Sleep apnea may affect semantic memory and lead to depression
The new study led by RMIT University in Melbourne, Australia, examined how the condition affected autobiographical memory and found people with untreated OSA had problems recalling specific details about their lives.
According to an estimate, more than 936 million people worldwide suffer from obstructive sleep apnea (OSA). People with OSA are known to suffer memory problems and also have higher rates of depression but it is not well understood how these issues are connected with the development of the disease.
Lead investigator Dr Melinda Jackson said"We know that overly general autobiographical memories -- where people don't remember many specific details of life events -- are associated with the development of persistent depression," Jackson said."Our study suggests sleep apnea may impair the brain's capacity to either encode or consolidate certain types of life memories, which makes it hard for people to recall details from the past.
The study compared 44 adults with untreated OSA to 44 healthy controls, assessing their recall of different types of autobiographical memories from their childhood, early adult life and recent life.
The results showed people with OSA had significantly more over general memories -- 52.3% compared with 18.9% of the control group.
The study also looked at the recall of semantic memory (facts and concepts from your personal history, like the names of your school teachers) and episodic memory (events or episodes, like your first day of high school).
While people with OSA struggled with semantic memory, their episodic memory was preserved.
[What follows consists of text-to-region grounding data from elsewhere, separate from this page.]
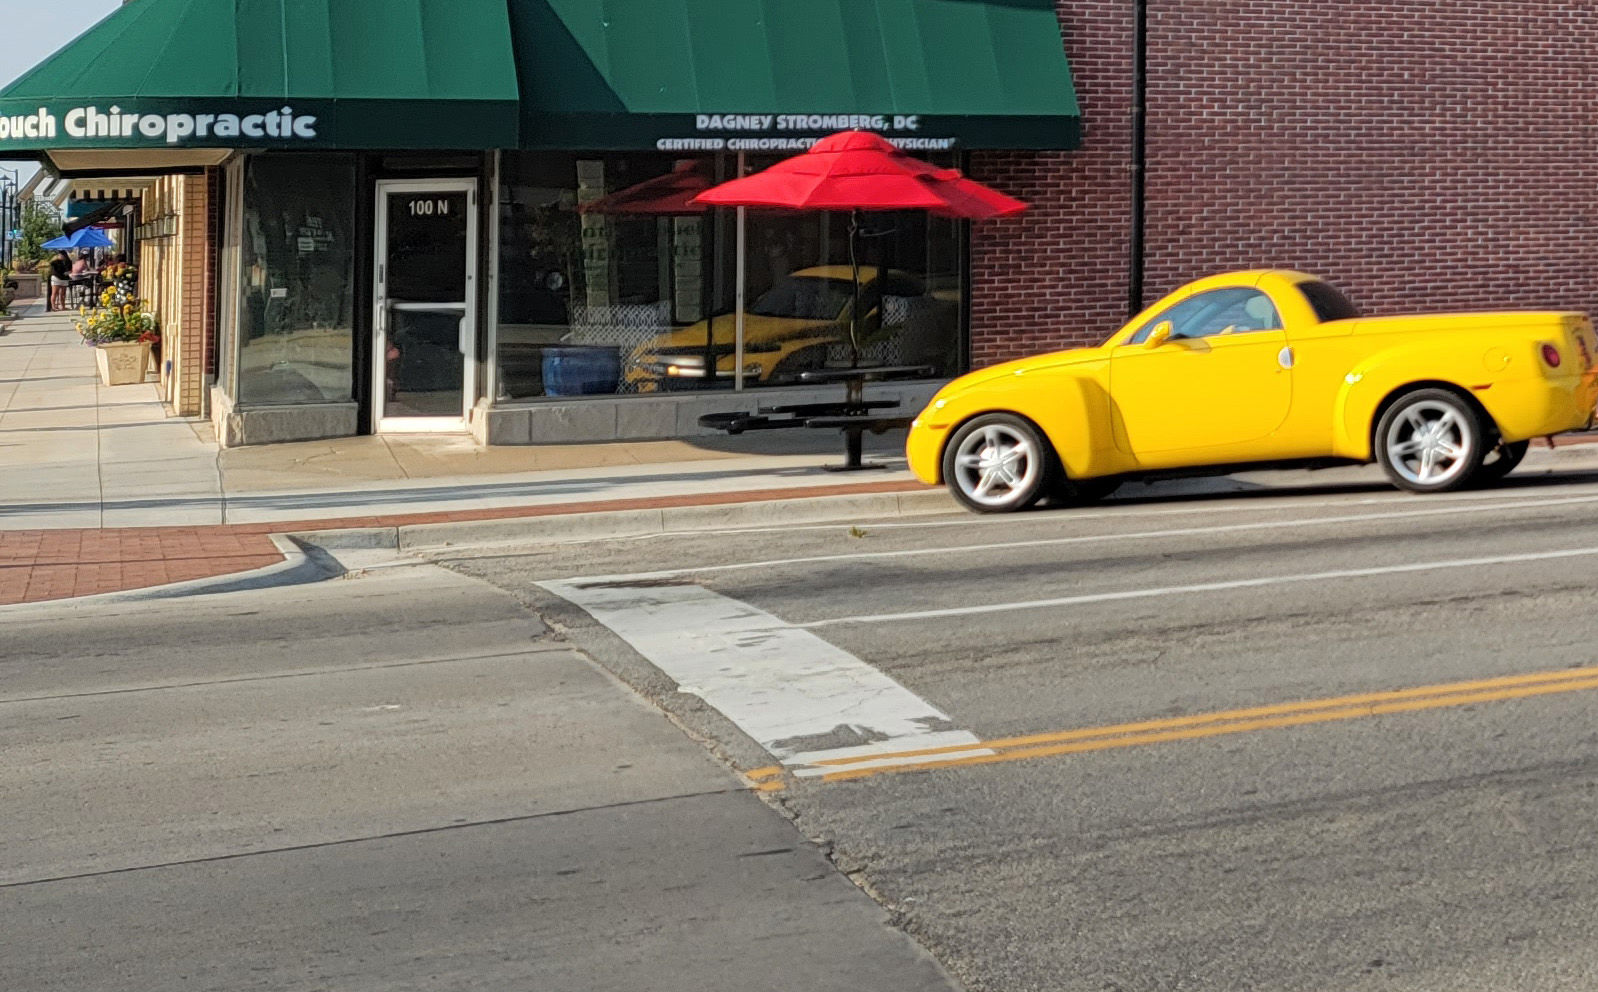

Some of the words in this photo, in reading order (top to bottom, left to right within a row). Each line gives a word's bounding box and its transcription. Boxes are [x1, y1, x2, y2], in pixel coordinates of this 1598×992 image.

[64, 105, 317, 143] Chiropractic
[696, 114, 773, 130] DAGNEY
[776, 114, 889, 132] STROMBERG,
[893, 115, 918, 130] DC
[656, 138, 724, 150] CERTIFIED
[408, 200, 434, 216] 100
[437, 200, 448, 214] N
This is likely related to their fragmented sleeping patterns, as research has shown that good sleep is essential for the consolidation of semantic autobiographical memory.
Across both groups, being older was associated with having a higher number of over general autobiographical memories while higher depression was linked to having worse semantic memory.
Jackson, a Vice-Chancellor's Senior Research Fellow in RMIT's School of Biomedical and Health Sciences, said the results showed the need for further studies to better understand the role of untreated OSA on memory processing.
"Brain scans of people with sleep apnea show they have a significant loss of grey matter from regions that overlap with the autobiographic memory network," she said.
"We need to look at whether there's a shared neurobiological mechanism at work -- that is, does the dysfunction of that network lead to both depression and memory problems in people with sleep apnea?"
Jackson said the use of CPAP machines to treat OSA had been shown to improve some of the cognitive impairments related to the condition.
"An important next step will be to determine whether successful treatment of sleep apnea can also help counter some of these memory issues or even restore the memories that have been lost."
- Sleep apnoea occurs when the muscles in the upper airway collapse during sleep, blocking off the airway above the voice box.
- Breathing stops for a period of time (generally between 10 seconds and up to 1 minute) until the brain registers the lack of breathing or a drop in oxygen levels and sends a small wake-up call. The sleeper rouses slightly, opens the upper airway, typically snorts and gasps, then drifts back to sleep almost immediately. This pattern can repeat itself hundreds of times a night, causing fragmented sleep.
- Around one in four men over the age of 30 years have some degree of sleep apnoea, making it more common than asthma.
- Conservative treatment includes weight loss and cutting back on alcohol.
- Active treatment includes nasal CPAP, mouthguards or surgical correction of upper airway obstruction.
- Daytime sleepiness may distinguish simple snorers from people with sleep apnoea.